- Listed entries
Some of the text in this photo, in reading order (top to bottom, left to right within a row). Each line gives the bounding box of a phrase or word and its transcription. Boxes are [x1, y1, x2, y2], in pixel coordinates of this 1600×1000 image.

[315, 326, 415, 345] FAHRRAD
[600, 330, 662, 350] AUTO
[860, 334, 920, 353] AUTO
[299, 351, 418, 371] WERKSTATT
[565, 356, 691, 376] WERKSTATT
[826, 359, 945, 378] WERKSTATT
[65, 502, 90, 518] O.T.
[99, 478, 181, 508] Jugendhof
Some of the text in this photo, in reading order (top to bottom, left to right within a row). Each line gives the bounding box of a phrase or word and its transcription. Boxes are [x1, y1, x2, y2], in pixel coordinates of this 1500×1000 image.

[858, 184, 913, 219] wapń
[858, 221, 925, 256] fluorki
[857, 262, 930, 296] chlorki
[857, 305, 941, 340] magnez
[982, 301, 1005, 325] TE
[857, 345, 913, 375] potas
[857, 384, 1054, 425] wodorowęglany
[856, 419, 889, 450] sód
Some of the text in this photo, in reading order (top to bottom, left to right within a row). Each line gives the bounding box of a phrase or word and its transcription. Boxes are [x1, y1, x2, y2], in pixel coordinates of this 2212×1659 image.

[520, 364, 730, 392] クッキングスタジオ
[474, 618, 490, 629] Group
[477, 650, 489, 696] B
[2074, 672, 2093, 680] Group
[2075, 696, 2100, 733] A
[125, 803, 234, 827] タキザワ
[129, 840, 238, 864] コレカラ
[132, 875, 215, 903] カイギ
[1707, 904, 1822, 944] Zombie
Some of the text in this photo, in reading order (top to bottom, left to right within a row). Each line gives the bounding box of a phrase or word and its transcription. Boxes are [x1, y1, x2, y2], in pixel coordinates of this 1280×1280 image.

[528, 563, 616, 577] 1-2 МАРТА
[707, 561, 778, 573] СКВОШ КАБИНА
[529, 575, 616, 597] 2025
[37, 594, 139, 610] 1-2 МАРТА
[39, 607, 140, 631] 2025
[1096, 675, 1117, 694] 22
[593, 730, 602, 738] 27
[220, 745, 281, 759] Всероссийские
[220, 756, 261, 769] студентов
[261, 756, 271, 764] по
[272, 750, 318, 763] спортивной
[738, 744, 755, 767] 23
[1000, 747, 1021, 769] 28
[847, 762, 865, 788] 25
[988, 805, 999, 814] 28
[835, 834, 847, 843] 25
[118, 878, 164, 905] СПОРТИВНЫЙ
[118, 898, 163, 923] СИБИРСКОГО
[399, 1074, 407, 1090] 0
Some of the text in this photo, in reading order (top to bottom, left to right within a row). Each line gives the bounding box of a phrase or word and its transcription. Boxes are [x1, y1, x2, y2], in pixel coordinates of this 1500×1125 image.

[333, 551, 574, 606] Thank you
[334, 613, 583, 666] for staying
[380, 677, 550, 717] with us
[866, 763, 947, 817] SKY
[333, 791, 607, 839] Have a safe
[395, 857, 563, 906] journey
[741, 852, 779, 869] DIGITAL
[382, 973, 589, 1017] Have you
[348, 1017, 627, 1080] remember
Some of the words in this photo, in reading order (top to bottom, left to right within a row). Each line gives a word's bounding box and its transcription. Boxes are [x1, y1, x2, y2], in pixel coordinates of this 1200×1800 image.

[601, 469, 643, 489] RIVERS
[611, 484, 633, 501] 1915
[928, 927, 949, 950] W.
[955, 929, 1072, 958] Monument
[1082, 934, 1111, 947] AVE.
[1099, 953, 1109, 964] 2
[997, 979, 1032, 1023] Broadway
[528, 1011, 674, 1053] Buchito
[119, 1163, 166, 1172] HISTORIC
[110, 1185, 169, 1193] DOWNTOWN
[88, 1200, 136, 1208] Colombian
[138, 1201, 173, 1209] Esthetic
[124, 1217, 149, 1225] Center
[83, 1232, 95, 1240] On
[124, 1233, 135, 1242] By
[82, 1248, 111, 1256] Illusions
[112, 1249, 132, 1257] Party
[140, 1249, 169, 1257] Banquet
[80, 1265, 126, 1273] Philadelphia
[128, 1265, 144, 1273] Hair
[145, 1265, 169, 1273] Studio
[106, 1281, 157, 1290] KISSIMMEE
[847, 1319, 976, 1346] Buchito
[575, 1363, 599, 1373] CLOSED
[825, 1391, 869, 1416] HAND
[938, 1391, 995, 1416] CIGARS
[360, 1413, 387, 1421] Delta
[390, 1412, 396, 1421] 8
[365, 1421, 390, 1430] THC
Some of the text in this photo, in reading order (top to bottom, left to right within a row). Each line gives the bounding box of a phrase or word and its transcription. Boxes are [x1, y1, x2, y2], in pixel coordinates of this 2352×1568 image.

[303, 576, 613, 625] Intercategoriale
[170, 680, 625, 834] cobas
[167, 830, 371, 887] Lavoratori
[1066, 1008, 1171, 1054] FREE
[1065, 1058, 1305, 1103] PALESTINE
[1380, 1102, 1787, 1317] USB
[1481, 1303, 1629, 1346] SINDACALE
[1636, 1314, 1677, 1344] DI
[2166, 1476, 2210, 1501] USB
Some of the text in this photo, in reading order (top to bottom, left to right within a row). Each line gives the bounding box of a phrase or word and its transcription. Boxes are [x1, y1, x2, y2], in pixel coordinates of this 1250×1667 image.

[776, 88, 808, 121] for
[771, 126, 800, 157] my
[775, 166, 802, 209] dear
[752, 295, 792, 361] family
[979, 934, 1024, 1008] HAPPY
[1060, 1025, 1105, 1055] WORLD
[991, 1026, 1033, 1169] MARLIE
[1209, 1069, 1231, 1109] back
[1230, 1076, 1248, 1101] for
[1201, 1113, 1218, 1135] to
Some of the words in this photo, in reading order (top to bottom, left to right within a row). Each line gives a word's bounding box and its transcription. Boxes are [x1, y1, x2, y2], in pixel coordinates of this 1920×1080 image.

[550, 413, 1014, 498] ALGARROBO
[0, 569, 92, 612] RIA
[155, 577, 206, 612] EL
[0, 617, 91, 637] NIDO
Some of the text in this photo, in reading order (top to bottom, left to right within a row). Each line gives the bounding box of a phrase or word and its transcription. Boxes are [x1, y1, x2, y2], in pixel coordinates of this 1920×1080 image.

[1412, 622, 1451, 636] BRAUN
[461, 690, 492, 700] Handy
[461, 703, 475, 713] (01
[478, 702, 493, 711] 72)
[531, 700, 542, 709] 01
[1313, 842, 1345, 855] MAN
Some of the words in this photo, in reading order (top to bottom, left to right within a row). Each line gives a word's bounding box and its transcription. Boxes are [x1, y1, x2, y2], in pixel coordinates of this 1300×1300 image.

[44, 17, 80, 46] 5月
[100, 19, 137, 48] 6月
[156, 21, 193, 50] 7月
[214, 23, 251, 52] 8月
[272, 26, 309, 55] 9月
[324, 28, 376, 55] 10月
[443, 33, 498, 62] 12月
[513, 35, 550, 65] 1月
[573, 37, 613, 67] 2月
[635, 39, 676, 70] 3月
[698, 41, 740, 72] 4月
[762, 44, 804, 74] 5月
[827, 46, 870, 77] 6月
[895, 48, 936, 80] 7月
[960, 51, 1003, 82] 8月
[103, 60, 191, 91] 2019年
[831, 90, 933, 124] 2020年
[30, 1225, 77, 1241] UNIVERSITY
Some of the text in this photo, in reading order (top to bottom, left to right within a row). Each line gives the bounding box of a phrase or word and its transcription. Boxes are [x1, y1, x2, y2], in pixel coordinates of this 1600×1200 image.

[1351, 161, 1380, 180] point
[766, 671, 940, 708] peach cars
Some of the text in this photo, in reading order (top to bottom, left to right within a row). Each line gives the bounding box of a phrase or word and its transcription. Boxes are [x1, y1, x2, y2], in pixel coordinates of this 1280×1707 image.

- Task details
Write every record out again, letter for letter.

- Reply
Some of the text in this photo, in reading order (top to bottom, left to right within a row). Each line gives the bounding box of a phrase or word and its transcription. Boxes are [x1, y1, x2, y2], in pixel coordinates of this 1600×1000 image.

[315, 326, 415, 345] FAHRRAD
[600, 330, 662, 350] AUTO
[860, 334, 920, 353] AUTO
[299, 351, 418, 371] WERKSTATT
[565, 356, 691, 376] WERKSTATT
[826, 359, 945, 378] WERKSTATT
[65, 502, 90, 518] O.T.
[99, 478, 181, 508] Jugendhof
Some of the text in this photo, in reading order (top to bottom, left to right within a row). Each line gives the bounding box of a phrase or word and its transcription. Boxes are [x1, y1, x2, y2], in pixel coordinates of this 1500×1000 image.

[858, 184, 913, 219] wapń
[858, 221, 925, 256] fluorki
[857, 262, 930, 296] chlorki
[857, 305, 941, 340] magnez
[982, 301, 1005, 325] TE
[857, 345, 913, 375] potas
[857, 384, 1054, 425] wodorowęglany
[856, 419, 889, 450] sód
Some of the text in this photo, in reading order (top to bottom, left to right within a row). Each line gives the bounding box of a phrase or word and its transcription. Boxes are [x1, y1, x2, y2], in pixel coordinates of this 2212×1659 image.

[520, 364, 730, 392] クッキングスタジオ
[474, 618, 490, 629] Group
[477, 650, 489, 696] B
[2074, 672, 2093, 680] Group
[2075, 696, 2100, 733] A
[125, 803, 234, 827] タキザワ
[129, 840, 238, 864] コレカラ
[132, 875, 215, 903] カイギ
[1707, 904, 1822, 944] Zombie
Some of the text in this photo, in reading order (top to bottom, left to right within a row). Each line gives the bounding box of a phrase or word and its transcription. Boxes are [x1, y1, x2, y2], in pixel coordinates of this 1280×1280 image.

[528, 563, 616, 577] 1-2 МАРТА
[707, 561, 778, 573] СКВОШ КАБИНА
[529, 575, 616, 597] 2025
[37, 594, 139, 610] 1-2 МАРТА
[39, 607, 140, 631] 2025
[1096, 675, 1117, 694] 22
[593, 730, 602, 738] 27
[220, 745, 281, 759] Всероссийские
[220, 756, 261, 769] студентов
[261, 756, 271, 764] по
[272, 750, 318, 763] спортивной
[738, 744, 755, 767] 23
[1000, 747, 1021, 769] 28
[847, 762, 865, 788] 25
[988, 805, 999, 814] 28
[835, 834, 847, 843] 25
[118, 878, 164, 905] СПОРТИВНЫЙ
[118, 898, 163, 923] СИБИРСКОГО
[399, 1074, 407, 1090] 0
Some of the text in this photo, in reading order (top to bottom, left to right within a row). Each line gives the bounding box of a phrase or word and its transcription. Boxes are [x1, y1, x2, y2], in pixel coordinates of this 1500×1125 image.

[333, 551, 574, 606] Thank you
[334, 613, 583, 666] for staying
[380, 677, 550, 717] with us
[866, 763, 947, 817] SKY
[333, 791, 607, 839] Have a safe
[395, 857, 563, 906] journey
[741, 852, 779, 869] DIGITAL
[382, 973, 589, 1017] Have you
[348, 1017, 627, 1080] remember
Some of the words in this photo, in reading order (top to bottom, left to right within a row). Each line gives a word's bounding box and its transcription. Boxes are [x1, y1, x2, y2], in pixel coordinates of this 1200×1800 image.

[601, 469, 643, 489] RIVERS
[611, 484, 633, 501] 1915
[928, 927, 949, 950] W.
[955, 929, 1072, 958] Monument
[1082, 934, 1111, 947] AVE.
[1099, 953, 1109, 964] 2
[997, 979, 1032, 1023] Broadway
[528, 1011, 674, 1053] Buchito
[119, 1163, 166, 1172] HISTORIC
[110, 1185, 169, 1193] DOWNTOWN
[88, 1200, 136, 1208] Colombian
[138, 1201, 173, 1209] Esthetic
[124, 1217, 149, 1225] Center
[83, 1232, 95, 1240] On
[124, 1233, 135, 1242] By
[82, 1248, 111, 1256] Illusions
[112, 1249, 132, 1257] Party
[140, 1249, 169, 1257] Banquet
[80, 1265, 126, 1273] Philadelphia
[128, 1265, 144, 1273] Hair
[145, 1265, 169, 1273] Studio
[106, 1281, 157, 1290] KISSIMMEE
[847, 1319, 976, 1346] Buchito
[575, 1363, 599, 1373] CLOSED
[825, 1391, 869, 1416] HAND
[938, 1391, 995, 1416] CIGARS
[360, 1413, 387, 1421] Delta
[390, 1412, 396, 1421] 8
[365, 1421, 390, 1430] THC
Some of the text in this photo, in reading order (top to bottom, left to right within a row). Each line gives the bounding box of a phrase or word and its transcription. Boxes are [x1, y1, x2, y2], in pixel coordinates of this 2352×1568 image.

[303, 576, 613, 625] Intercategoriale
[170, 680, 625, 834] cobas
[167, 830, 371, 887] Lavoratori
[1066, 1008, 1171, 1054] FREE
[1065, 1058, 1305, 1103] PALESTINE
[1380, 1102, 1787, 1317] USB
[1481, 1303, 1629, 1346] SINDACALE
[1636, 1314, 1677, 1344] DI
[2166, 1476, 2210, 1501] USB
Some of the text in this photo, in reading order (top to bottom, left to right within a row). Each line gives the bounding box of a phrase or word and its transcription. Boxes are [x1, y1, x2, y2], in pixel coordinates of this 1250×1667 image.

[776, 88, 808, 121] for
[771, 126, 800, 157] my
[775, 166, 802, 209] dear
[752, 295, 792, 361] family
[979, 934, 1024, 1008] HAPPY
[1060, 1025, 1105, 1055] WORLD
[991, 1026, 1033, 1169] MARLIE
[1209, 1069, 1231, 1109] back
[1230, 1076, 1248, 1101] for
[1201, 1113, 1218, 1135] to
Some of the words in this photo, in reading order (top to bottom, left to right within a row). Each line gives a word's bounding box and its transcription. Boxes are [x1, y1, x2, y2], in pixel coordinates of this 1920×1080 image.

[550, 413, 1014, 498] ALGARROBO
[0, 569, 92, 612] RIA
[155, 577, 206, 612] EL
[0, 617, 91, 637] NIDO
Some of the text in this photo, in reading order (top to bottom, left to right within a row). Each line gives the bounding box of a phrase or word and its transcription. Boxes are [x1, y1, x2, y2], in pixel coordinates of this 1920×1080 image.

[1412, 622, 1451, 636] BRAUN
[461, 690, 492, 700] Handy
[461, 703, 475, 713] (01
[478, 702, 493, 711] 72)
[531, 700, 542, 709] 01
[1313, 842, 1345, 855] MAN
Some of the words in this photo, in reading order (top to bottom, left to right within a row). Each line gives a word's bounding box and its transcription. Boxes are [x1, y1, x2, y2], in pixel coordinates of this 1300×1300 image.

[44, 17, 80, 46] 5月
[100, 19, 137, 48] 6月
[156, 21, 193, 50] 7月
[214, 23, 251, 52] 8月
[272, 26, 309, 55] 9月
[324, 28, 376, 55] 10月
[443, 33, 498, 62] 12月
[513, 35, 550, 65] 1月
[573, 37, 613, 67] 2月
[635, 39, 676, 70] 3月
[698, 41, 740, 72] 4月
[762, 44, 804, 74] 5月
[827, 46, 870, 77] 6月
[895, 48, 936, 80] 7月
[960, 51, 1003, 82] 8月
[103, 60, 191, 91] 2019年
[831, 90, 933, 124] 2020年
[30, 1225, 77, 1241] UNIVERSITY
Some of the text in this photo, in reading order (top to bottom, left to right within a row). Each line gives the bounding box of a phrase or word and its transcription. Boxes are [x1, y1, x2, y2], in pixel coordinates of this 1600×1200 image.

[1351, 161, 1380, 180] point
[766, 671, 940, 708] peach cars
Some of the text in this photo, in reading order (top to bottom, left to right within a row). Each line gives the bounding box of a phrase or word and its transcription. Boxes are [x1, y1, x2, y2], in pixel coordinates of this 1280×1707 image.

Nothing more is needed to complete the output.